▶ _What is needed_
Copy every entry word for word. Skip the pictures.

▶ _Dataset entries_
━━━━━━
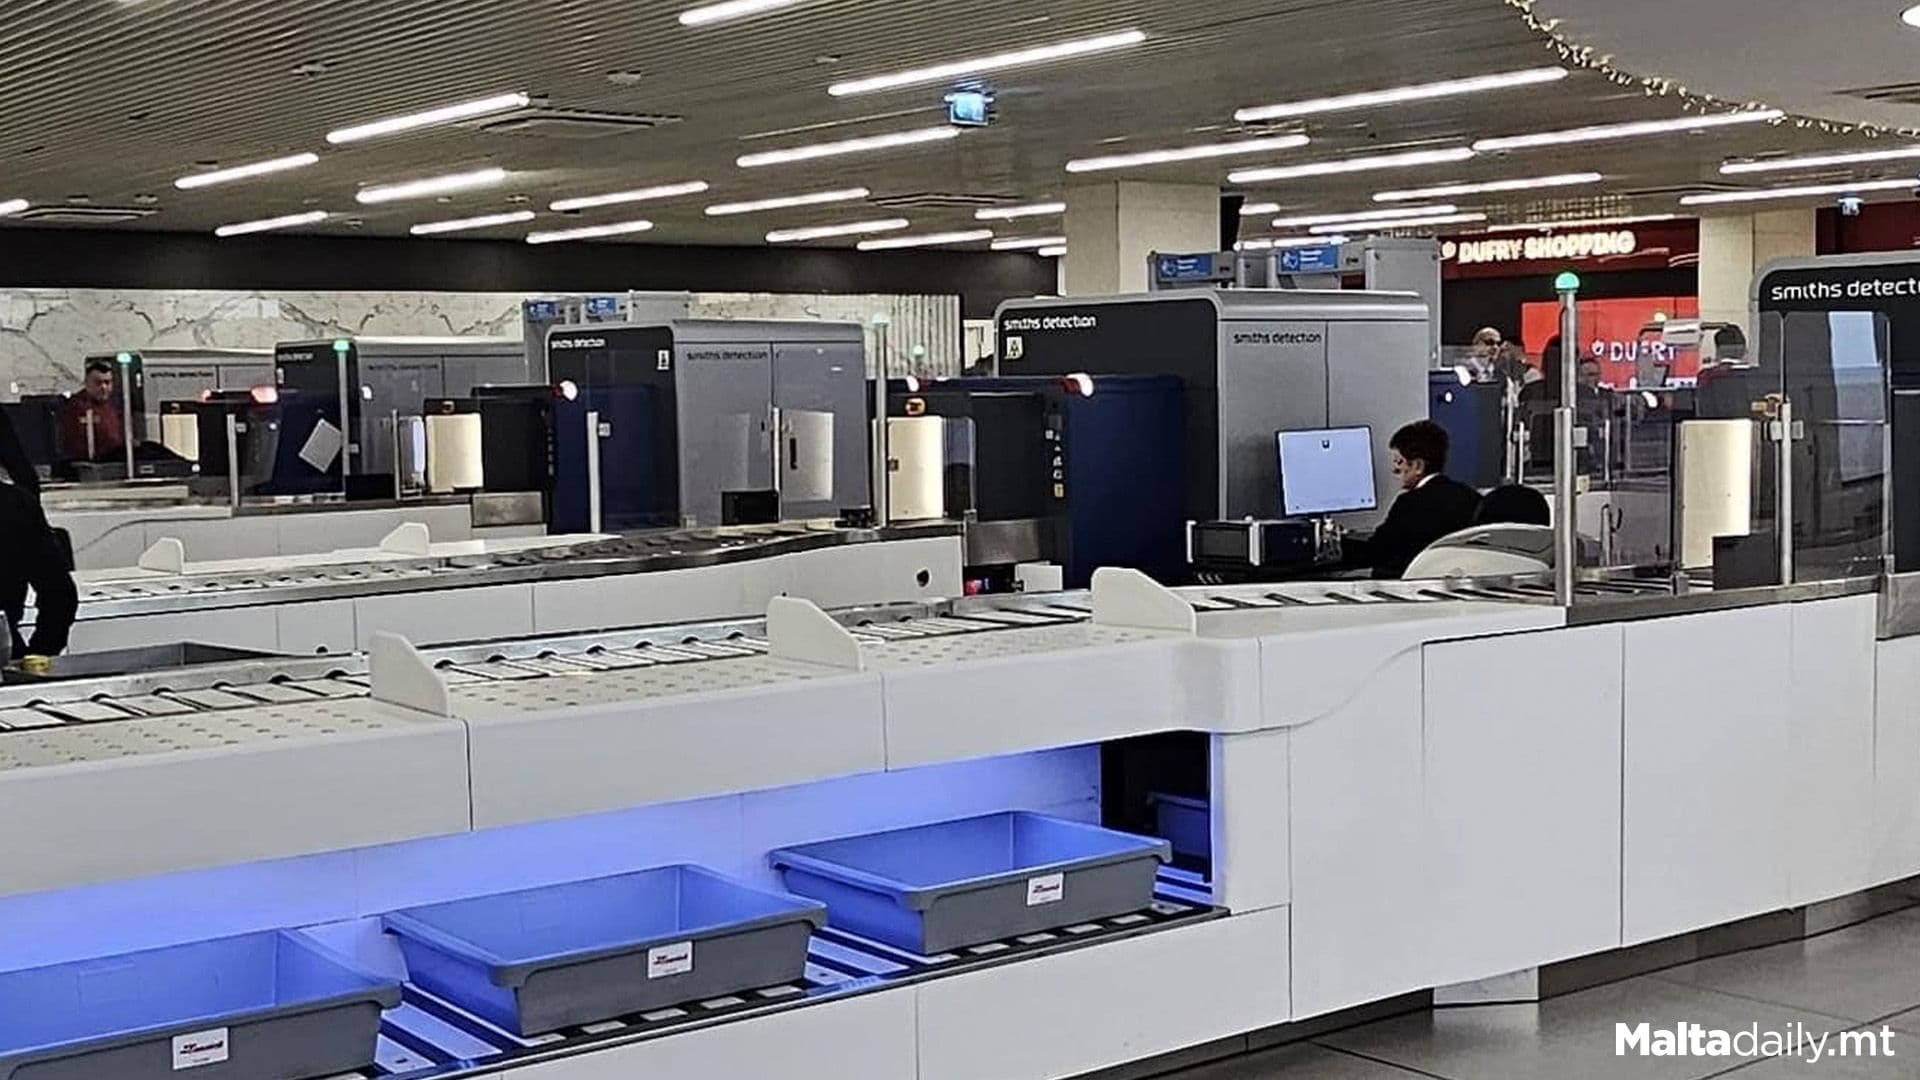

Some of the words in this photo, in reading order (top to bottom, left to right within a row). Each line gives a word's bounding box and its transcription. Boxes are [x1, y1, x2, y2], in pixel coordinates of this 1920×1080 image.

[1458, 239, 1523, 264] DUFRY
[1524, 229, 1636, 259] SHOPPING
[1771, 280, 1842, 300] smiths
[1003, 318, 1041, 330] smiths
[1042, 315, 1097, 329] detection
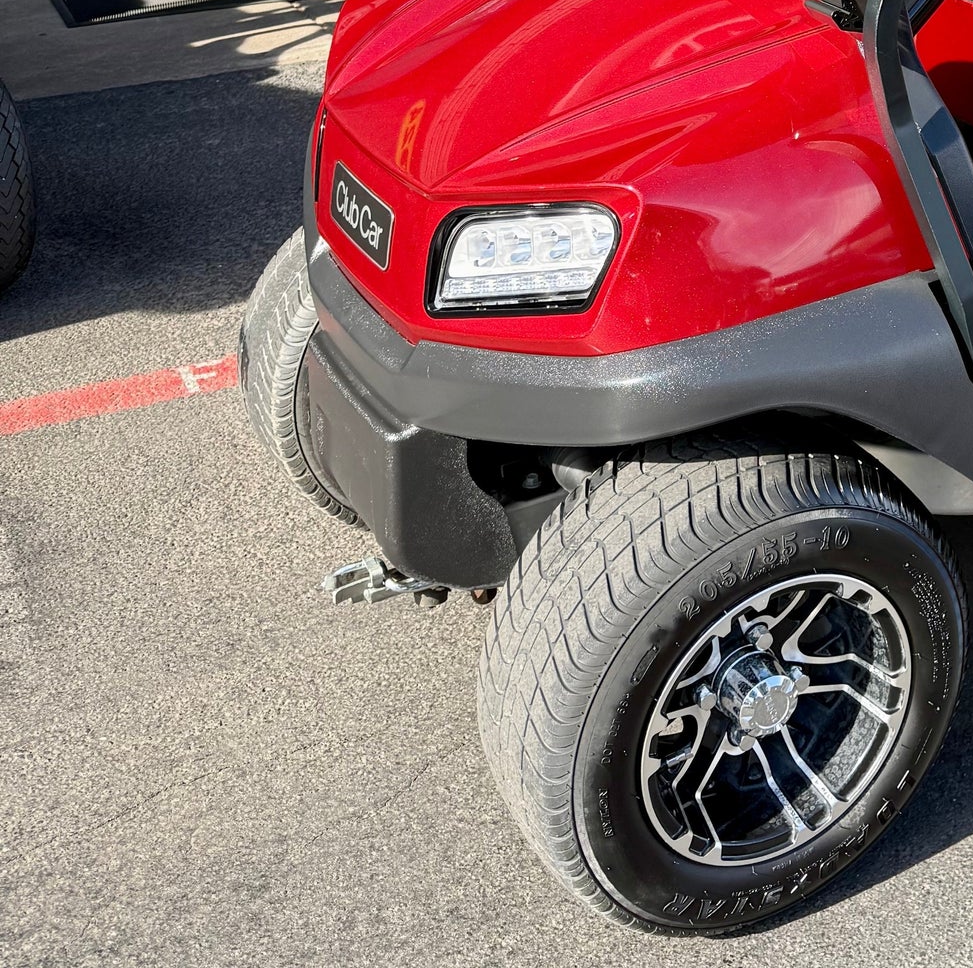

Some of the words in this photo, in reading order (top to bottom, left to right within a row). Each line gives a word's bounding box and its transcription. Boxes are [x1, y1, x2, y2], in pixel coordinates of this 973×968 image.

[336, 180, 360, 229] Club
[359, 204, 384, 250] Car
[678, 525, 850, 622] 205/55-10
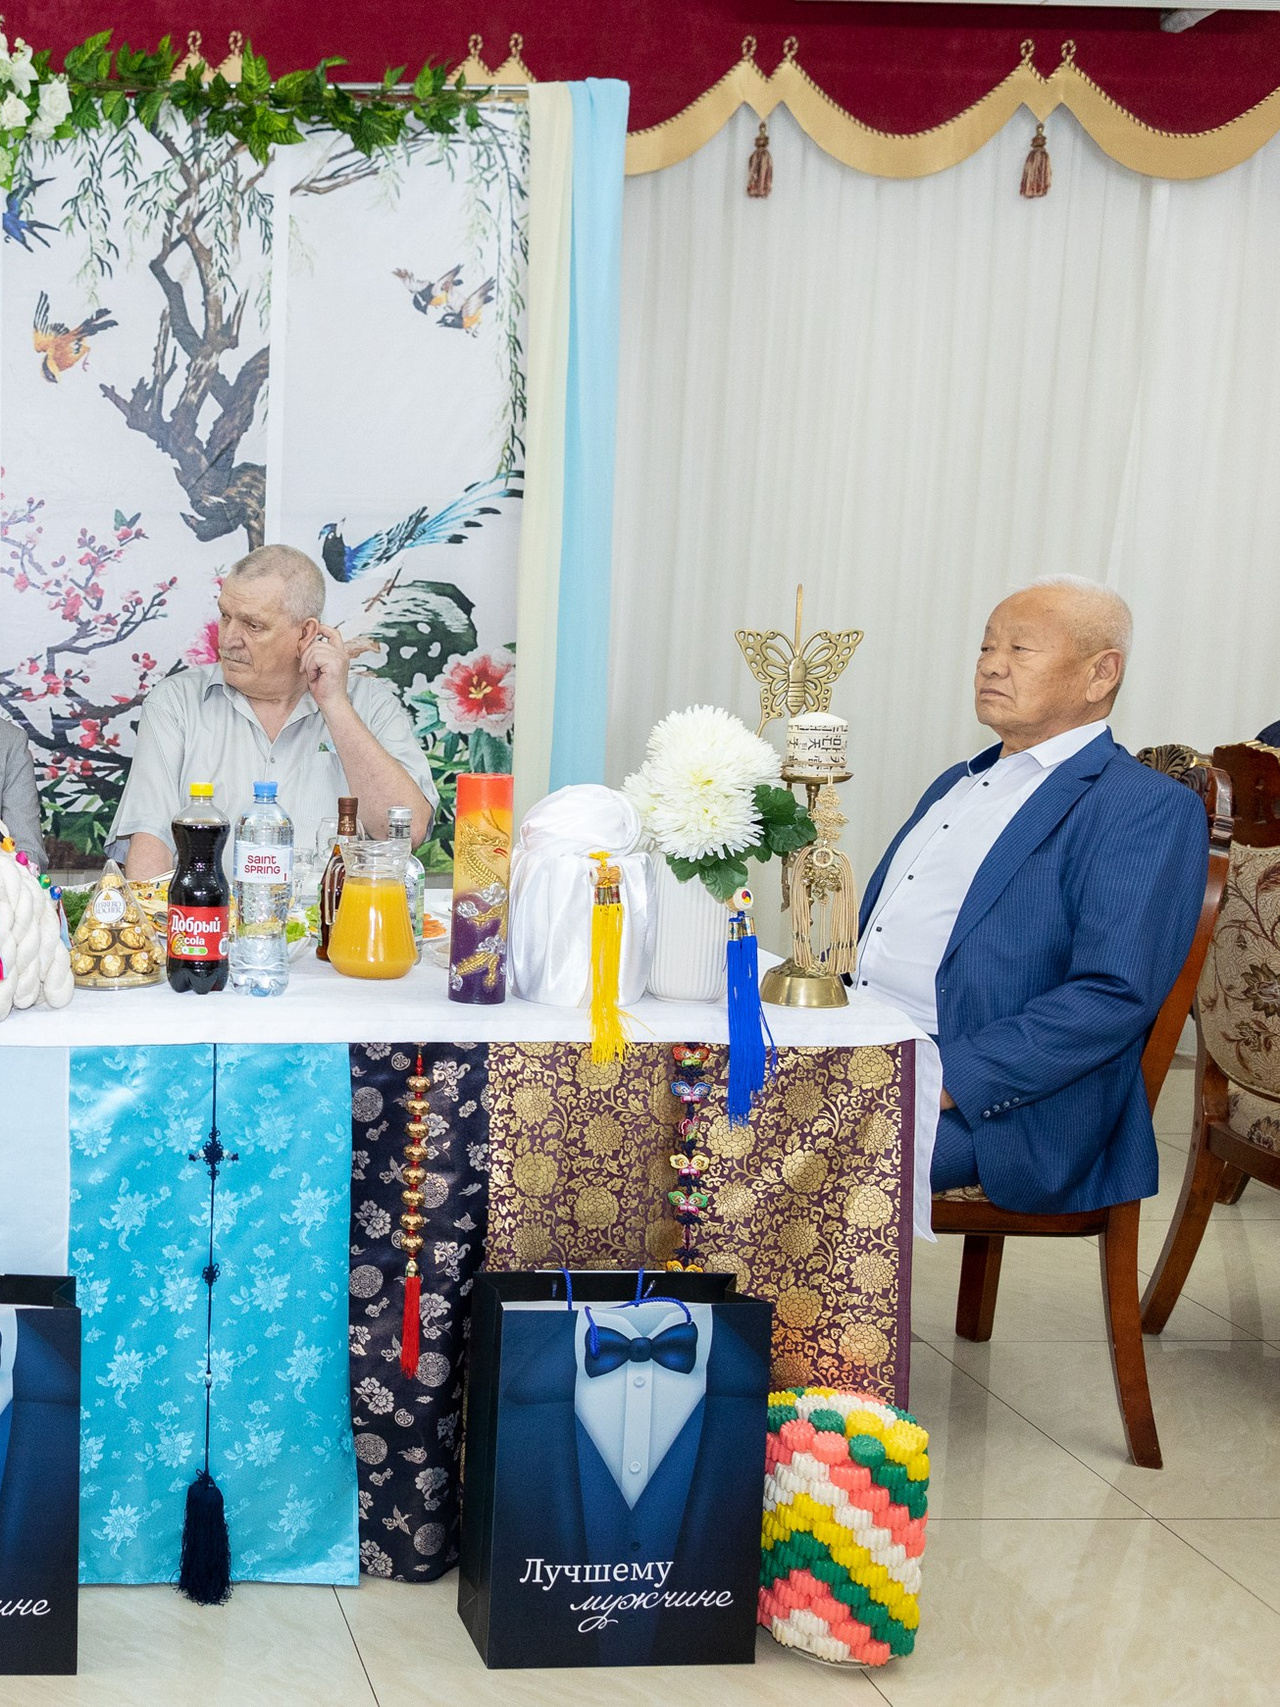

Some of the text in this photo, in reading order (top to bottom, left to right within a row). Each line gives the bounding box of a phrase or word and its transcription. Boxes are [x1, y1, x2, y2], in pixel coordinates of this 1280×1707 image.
━━━━━━
▶ _Response to this task_
Some of the words in this photo, in reading order (top to bottom, left to right within a row). Each line gives a word's bounding box and its transcription. Boxes are [x1, y1, x2, y2], in pixel coordinates of this 1920×1080 image.

[1458, 239, 1523, 264] DUFRY
[1524, 229, 1636, 259] SHOPPING
[1771, 280, 1842, 300] smiths
[1003, 318, 1041, 330] smiths
[1042, 315, 1097, 329] detection

Some of the words in this photo, in reading order (top to bottom, left to right within a row). Each line gives a word's bounding box and its transcription. Boxes are [x1, y1, x2, y2], in pixel coordinates of this 973×968 image.

[336, 180, 360, 229] Club
[359, 204, 384, 250] Car
[678, 525, 850, 622] 205/55-10

Some of the text in this photo, in reading order (top to bottom, left to right within a row). Each line gives the bounding box of a phrase or word and its transcription. Boxes are [x1, y1, x2, y2], in pixel coordinates of this 1280×1707 image.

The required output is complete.